For instance, the team catalogued some 13.2 million potential SNPs in the 10 genomes sequenced with short-read technology.
By incorporating these variants into a demographic model, Locke explained, the researchers found evidence that Sumatran and Bornean orangutans diverged from one another about 400,000 years ago. Past estimates based on selected mitochondrial sequences and/or nuclear markers put the split much further back, around 1 million years.
Down the road, such variants may help in developing an even more refined understanding of orangutan populations, the researchers noted, and may serve as a tool in conservation efforts.
"We're not proposing that this data be used, as is, to make a conservation decision," Locke emphasized. But, he explained, sequence and SNP patterns should prove useful for genetically profiling orangutan populations in zoos or in the wild.
Along with their comparisons of orangutans from Sumatra and Borneo, the team was also able to begin looking at differences between orangutans and other primates.
Among the unique features detected in orangutans, for instance, the researchers found an unusual, repositioned centromere or "neocentromere" on chromosome 12 of both orangutan species. Similar to the newly formed centromeres detected in the horse genome, which was sequenced in late 2009, this orangutan neocentromere provides an opportunity to look at early stages of centromere formation, the team noted.
Moreover, the new study suggests orangutan genomes contain a dearth of rearrangements, segmental duplications, and gene turnover events compared to chimpanzees and humans.
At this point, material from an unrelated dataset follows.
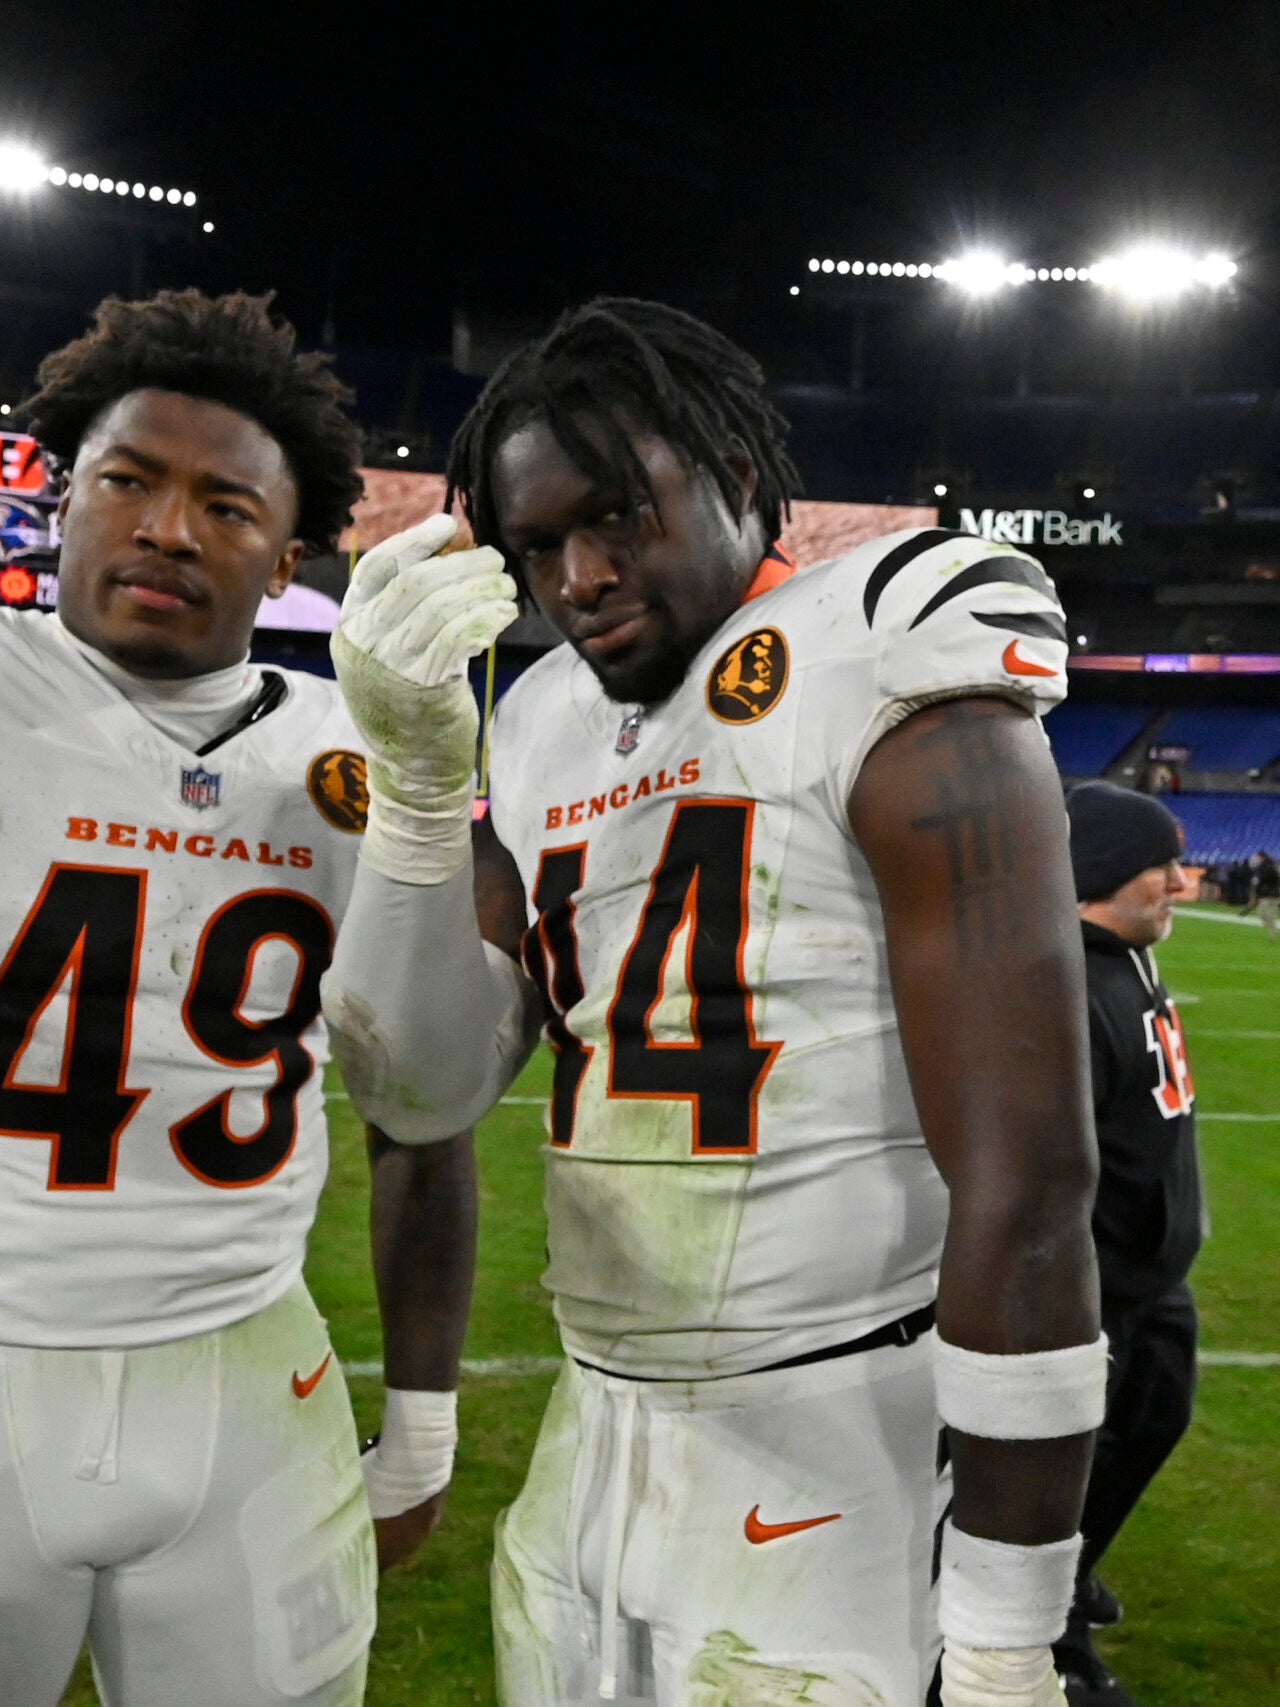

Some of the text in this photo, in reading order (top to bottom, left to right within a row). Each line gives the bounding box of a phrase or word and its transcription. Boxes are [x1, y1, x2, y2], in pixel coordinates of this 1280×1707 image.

[959, 508, 1123, 546] M&T Bank
[545, 758, 700, 830] BENGALS
[64, 816, 314, 869] BENGALS
And, they found, whereas human genomes contain an estimated 5,000 human-specific Alu retrotransposons and chimps have 2,300 or so Alu elements of their own, the team tracked down just 250 Alu elements that arose in orangutans since they split from a common primate ancestor.
That, in turn, suggests that the rearrangement ramp-up in human and chimp genomes coincides with a boost in the number of these species-specific Alu elements in the other great apes.
While it's unclear whether the accumulation of species-specific Alu elements preceded the rise in structural rearrangements or vice versa, the team speculated that "the orangutan lineage experienced fewer new insertions and a putative decrease in the number of regions susceptible to post-insertion Alu-mediated recombination events genome-wide, limiting the overall mobile element threat to the genome."
By comparing sequences from human, chimp, orangutan, rhesus macaque, and dog genomes, the researchers were also able to track down new signals of positive selection in primates, including signals affecting genes involved in visual perception, color vision, and lipid metabolism.
"The more you learn about closely related species to humans, the more you can apply that to our understanding of the human genome," Locke said, "for annotating the human genome, detecting sequences that are functional, for finding genes that are rapidly evolving and understanding of evolutionary forces that are acting on our genomes."